A complex machine is able to work if at least 3 of it’s 5 components work. If each motor independently functions for a random amount of time with density given by $f(x) = \frac{x}{e^x} , x>0$, compute the density function of the length of time that the machine functions.
My approach :
Let $p$ be the probability that component $i$ works for an amount of time $t$, I can find this by integrating the pdf over $0$ to $t$.
Now probability that $P(\text{at least 3 work}) = 1-P(4)^c - P(5)^c$ this I can find by assuming the above as a binomial variable.
Will this be the pdf, which is to say, is the pdf equal to $P(\text{at least 3 work})$?

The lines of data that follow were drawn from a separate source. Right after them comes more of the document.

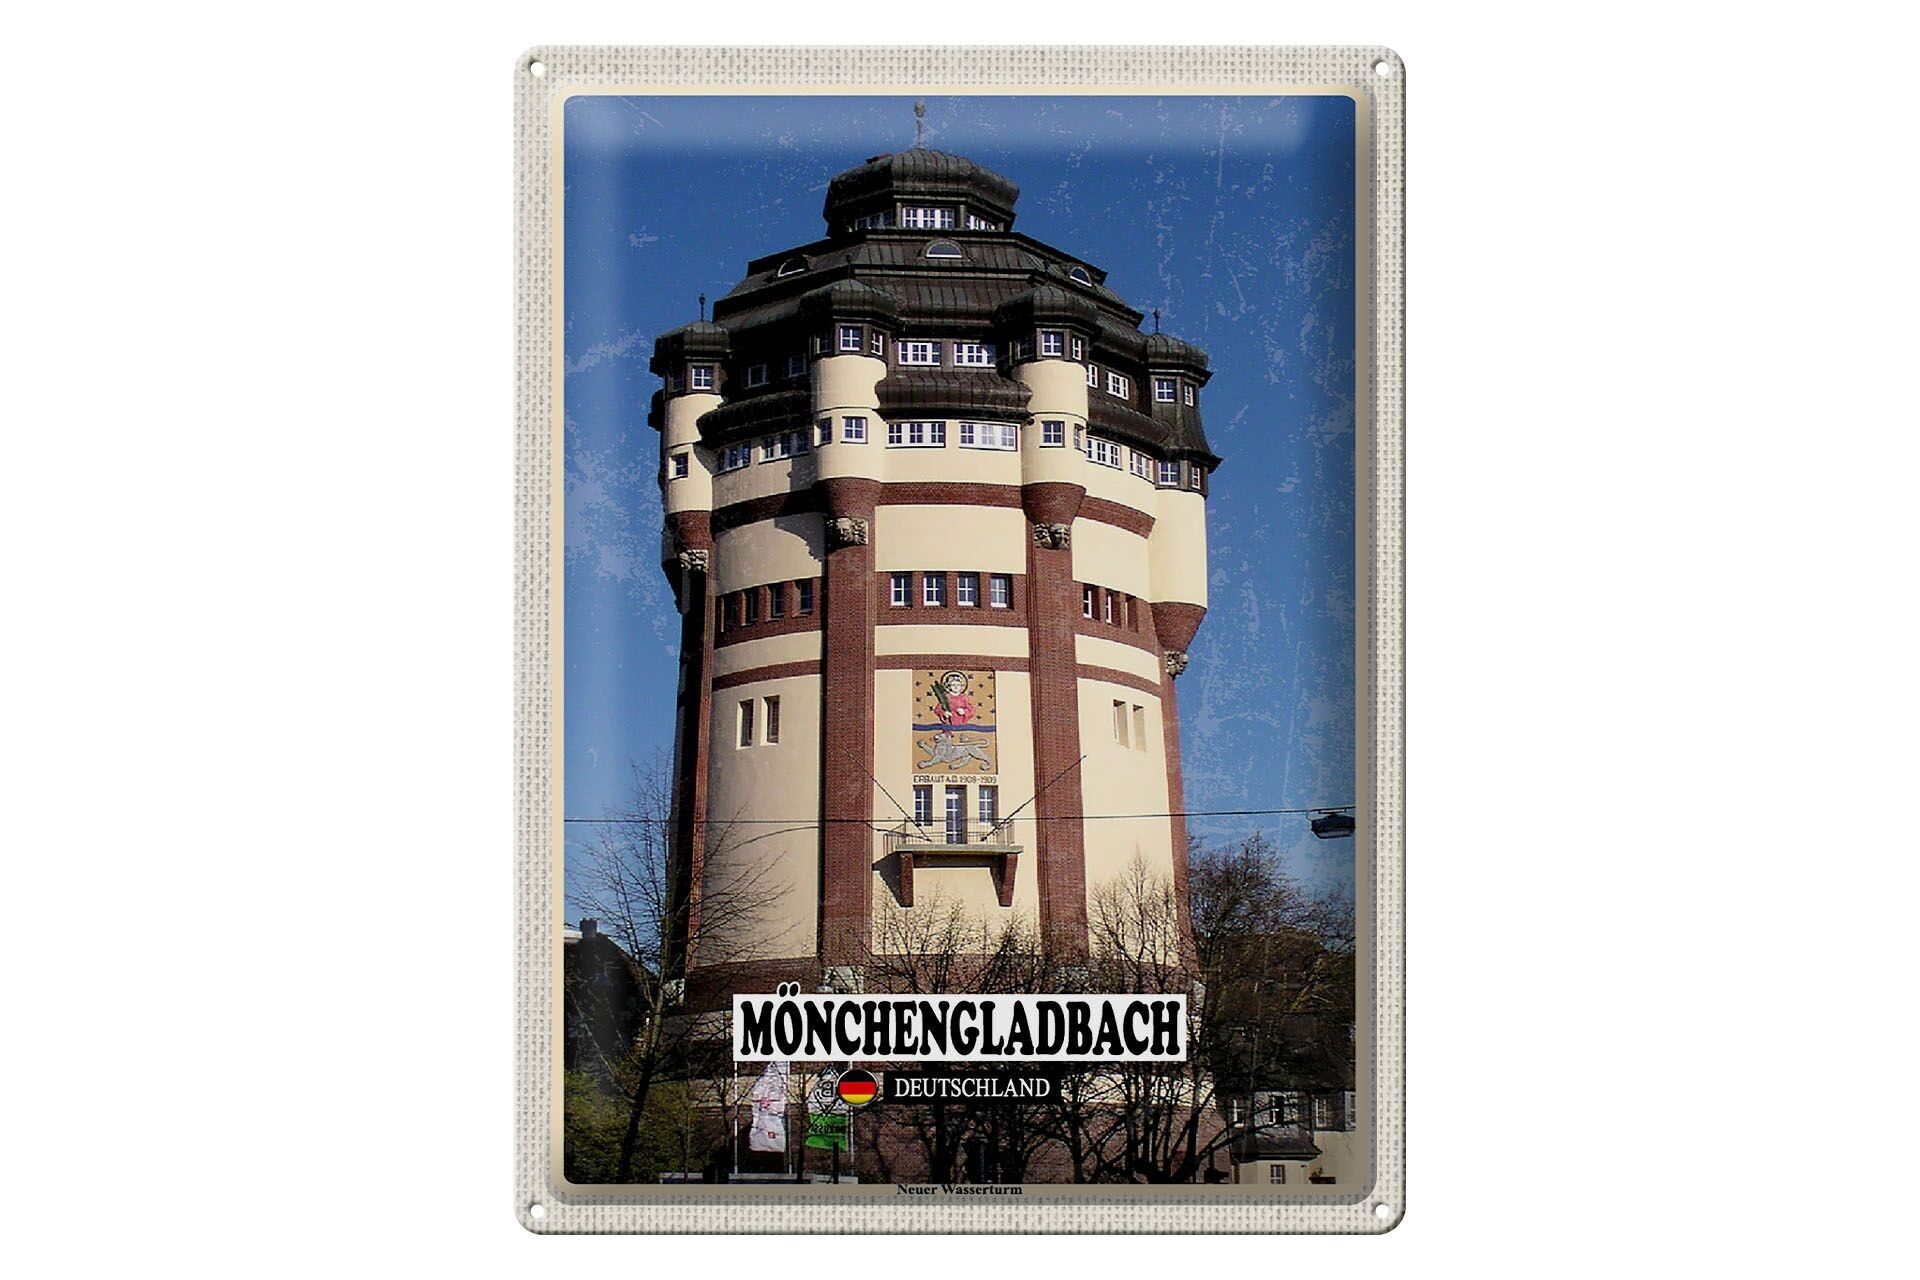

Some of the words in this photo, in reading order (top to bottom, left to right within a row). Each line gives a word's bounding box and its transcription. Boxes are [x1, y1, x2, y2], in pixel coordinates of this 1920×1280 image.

[740, 983, 1181, 1056] MÖNCHENGLADBACH
[894, 1077, 1051, 1098] DEUTSCHLAND
[896, 1184, 938, 1195] Neuer
[941, 1184, 1023, 1195] Wasserturm
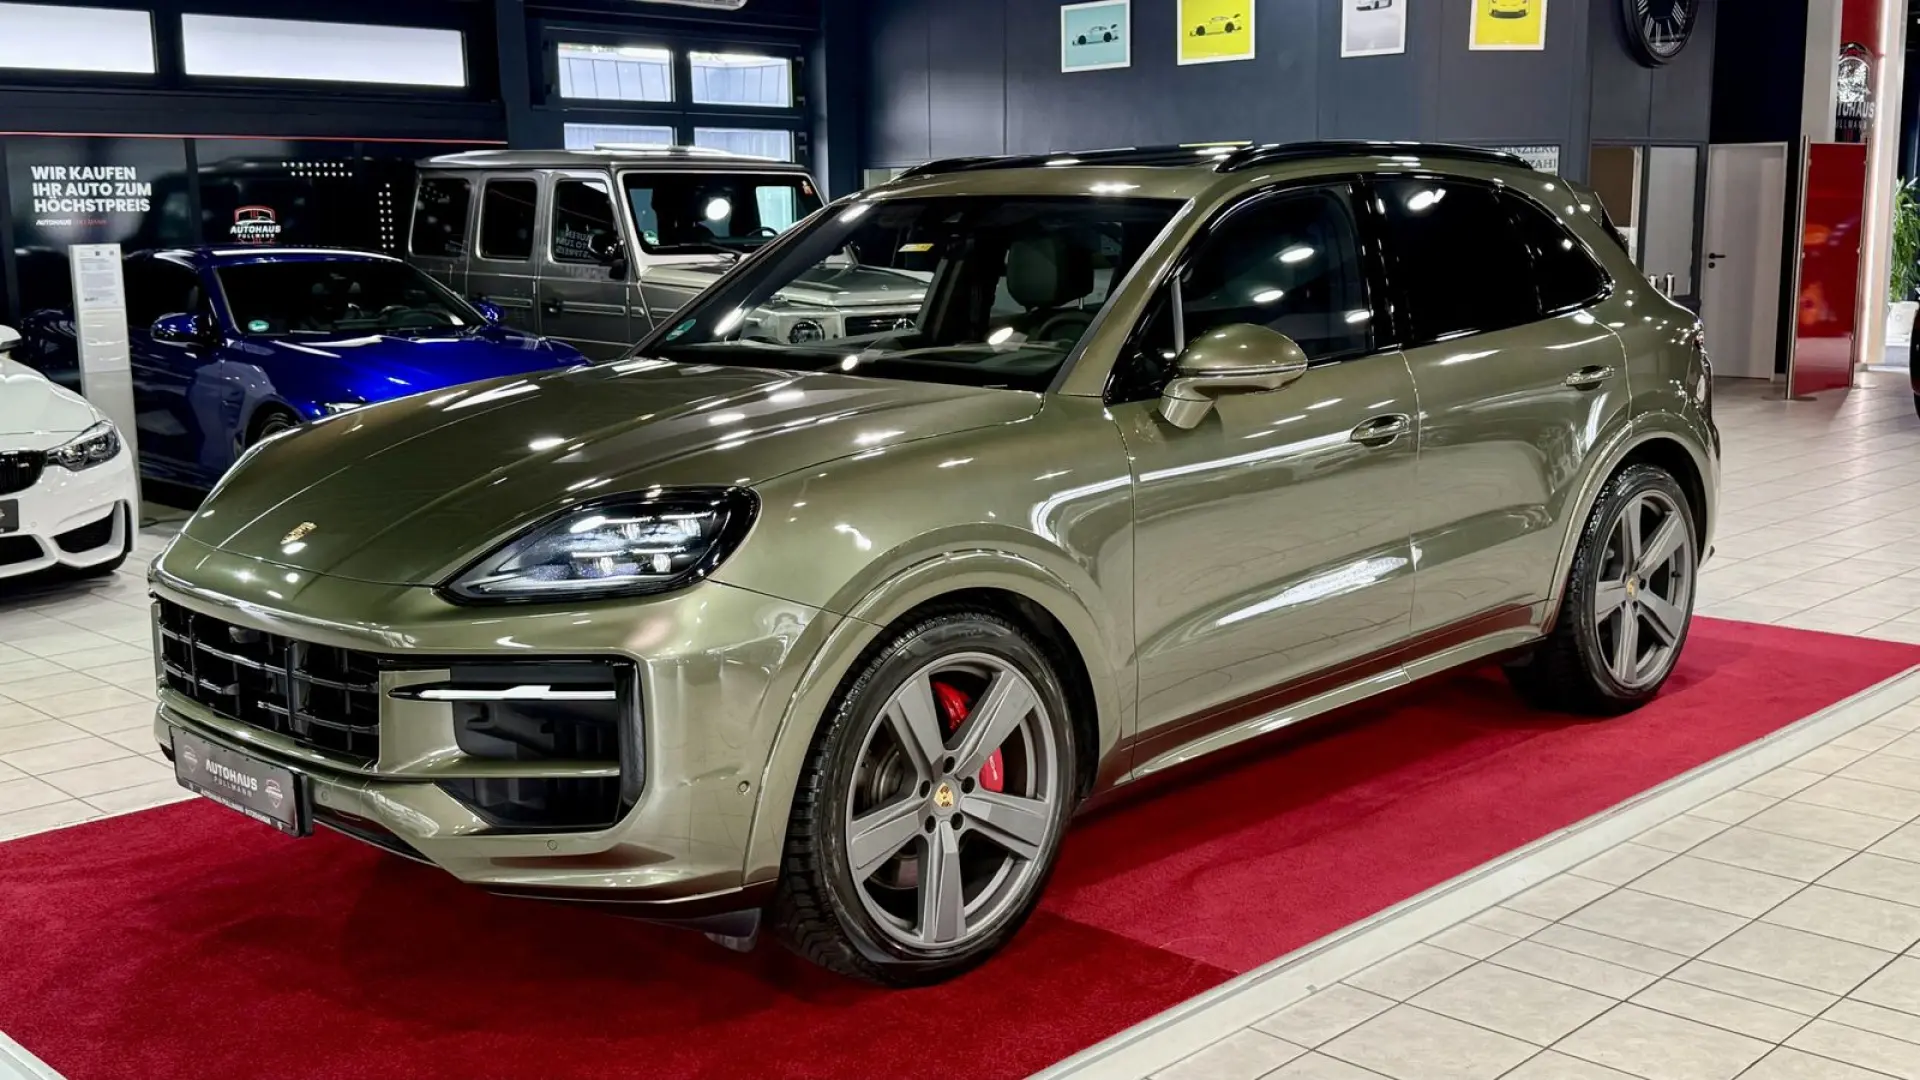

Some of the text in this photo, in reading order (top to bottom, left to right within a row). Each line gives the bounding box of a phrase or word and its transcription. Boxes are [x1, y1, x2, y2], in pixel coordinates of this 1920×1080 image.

I think you're close. At time $t$, the probability that a given component still works is $$p(t) = \int_0^t \tau e^{-\tau}\, d\tau = \left. -(\tau+1) e^{-\tau}\right|_{\tau=0}^{\tau=t} = 1 - (t+1) e^{-t}.$$
The chance that exactly $n$ out of 5 components still work at time $t$ is thus $$\binom{5}{n} p(t)^n (1-p(t))^{5-n}$$ and the chance that the machine works is just the sum of the above expression from $n = 3$ to $n = 5$, which is probably a bit messy but straightforward to compute.